Histoires incroyables

Traduction Ugo Bratelli (2002)

I. Les Centaures

On dit des Centaures que c'étaient des bêtes qui avaient tout du cheval, à l'exception de la tête et de la partie antérieure du corps, qui étaient celles d'un humain.

Si quelqu'un croit qu'il a pu exister une bête de ce genre, il croit à l'impossible. De fait, la nature du cheval et celle de l'homme ne s'accordent pas sur d'autres points ; leur type d'alimentation n'est pas non plus le même ; la nourriture du cheval ne pourrait pas passer dans la bouche de l'homme, ni à travers sa gorge. Et puis, si une telle créature avait autrefois existé, elle existerait aussi aujourd'hui. La vérité est la suivante.

A l'époque où Ixion était roi de Thessalie, un troupeau de taureaux devint sauvage sur le mont Pélion, qui rendait inaccessible également les autres montagnes. En effet, les taureaux descendaient vers les villages ; ils dévoraient les plantes et les fruits, et détruisaient le bétail. Ixion fit alors proclamer que si quelqu'un tuait les taureaux, il le gratifierait de nombreuses richesses. Quelques jeunes gens, qui habitaient au pied de la montagne, en un village appelé Nuée, eurent l'idée d'accoutumer leurs chevaux à la présence d'un cavalier (car autrefois les hommes ne savaient pas monter à cheval, ils utilisaient uniquement les chars).

Ainsi, à cheval, ils se dirigeaient vers l'endroit où les taureaux étaient assemblés ; ils s'élançaient parmi le troupeau, et frappaient les bêtes de leurs flèches. Et quand les taureaux les poursuivaient, les jeunes fuyaient, car les chevaux couraient plus vite que les taureaux ; et quand ces derniers s'arrêtaient, revenant en arrière, ils décochaient leurs flèches sur eux ; c'est ainsi qu'ils les tuèrent.

D'où leur nom de Centaures, car ils perçaient les taureaux avec des flèches(1). Rien à voir avec l'aspect du taureau ; les Centaures n'ont vraiment aucun rapport avec la forme des taureaux, mais bien avec celle du cheval et de l'homme. Ils prirent le nom de ce qu'ils avaient fait.

Les Centaures reçurent d'Ixion les richesses promises comme récompense. Enorgueillis par leur exploit et par l'argent, ils devinrent arrogants et perpétrèrent de multiples crimes, et spécialement contre Ixion lui-même, qui habitait la cité qui se nomme aujourd'hui Larissa. Les habitants de ce pays s'appelaient alors les Lapithes. Invités par ces derniers à festoyer, et s'étant enivrés, les Centaures enlevèrent leurs femmes ; ils les mirent sur leurs chevaux et se réfugièrent dans leur territoire.

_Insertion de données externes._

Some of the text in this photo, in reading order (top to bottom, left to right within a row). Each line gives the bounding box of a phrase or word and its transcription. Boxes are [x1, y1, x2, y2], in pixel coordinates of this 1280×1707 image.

Surgissant de là, ils leur faisaient la guerre ; à la nuit tombée, ils descendaient dans la vallée, et tendaient leurs embuscades ; à l'aube, après avoir tout saccagé et incendié, ils revenaient dans les montagnes.

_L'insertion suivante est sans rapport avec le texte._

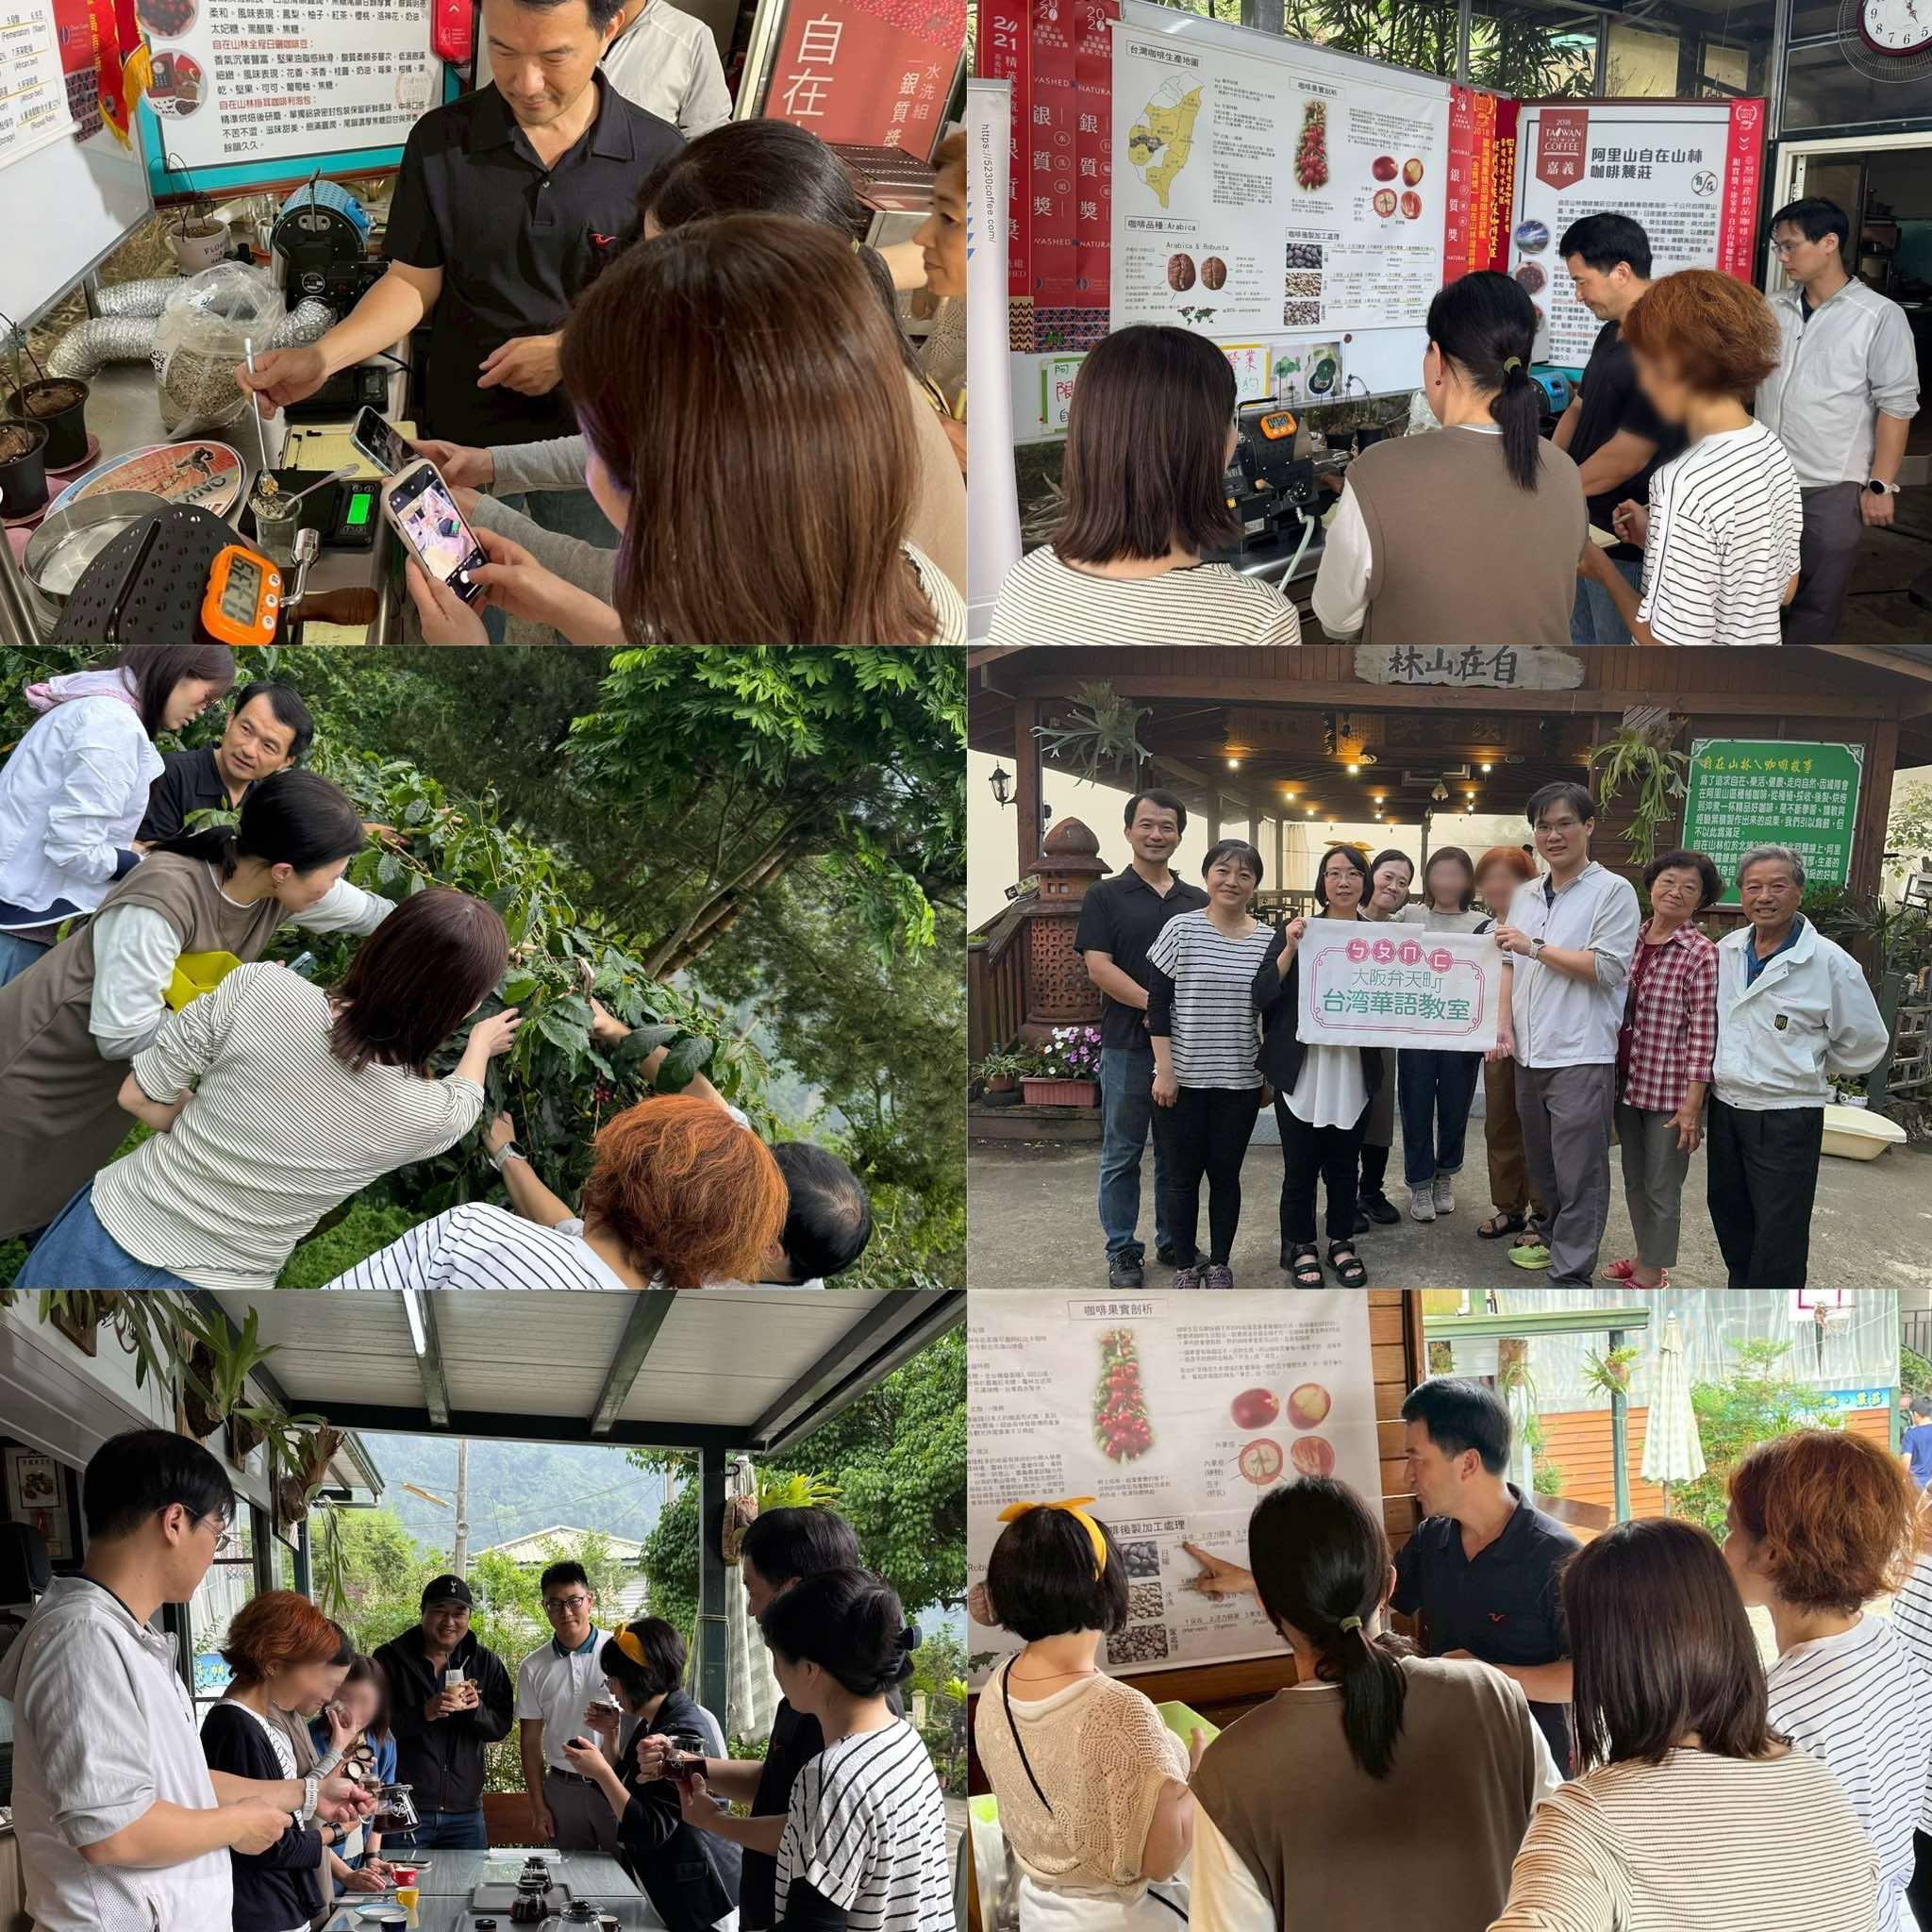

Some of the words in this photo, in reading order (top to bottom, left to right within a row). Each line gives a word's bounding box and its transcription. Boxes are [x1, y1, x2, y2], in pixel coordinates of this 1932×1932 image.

[1871, 8, 1877, 19] 9
[1875, 23, 1883, 35] 8
[1922, 25, 1931, 37] 5
[1888, 32, 1895, 43] 7
[1903, 33, 1910, 44] 6
[1129, 44, 1200, 68] 台灣咖啡生產地圖
[782, 13, 843, 135] 自在
[912, 60, 942, 121] 水洗組
[1078, 84, 1112, 95] NATURA
[1544, 142, 1580, 152] COFFEE
[1591, 147, 1704, 164] 阿里山自在山林
[1079, 112, 1099, 221] 銀質獎
[1546, 160, 1575, 175] 嘉義
[981, 124, 997, 243] https://5230coffee.com/
[1079, 241, 1111, 249] NATURA
[1351, 969, 1444, 994] 大阪弁天町
[1323, 988, 1471, 1021] 台湾華語教室
[1083, 1303, 1154, 1317] 咖啡果實剖析
[1108, 1519, 1186, 1538] 啡後製加工處理

Qui les voyait procéder ainsi, de loin et de dos, n'apercevait que l'échine du cheval, sans la tête, et le reste de l'homme, sans les jambes. A ce spectacle singulier on disait  : "Les Centaures de Nuée nous attaquent."

De cette image et de ce récit a été formé le mythe, dans ce qu'il a d'incroyable, à savoir que d'une nuée fut engendré, sur une montagne, un homme-cheval.


1. L'auteur joue sur la ressemblance des deux mots grecs  : "centaures" et "percer".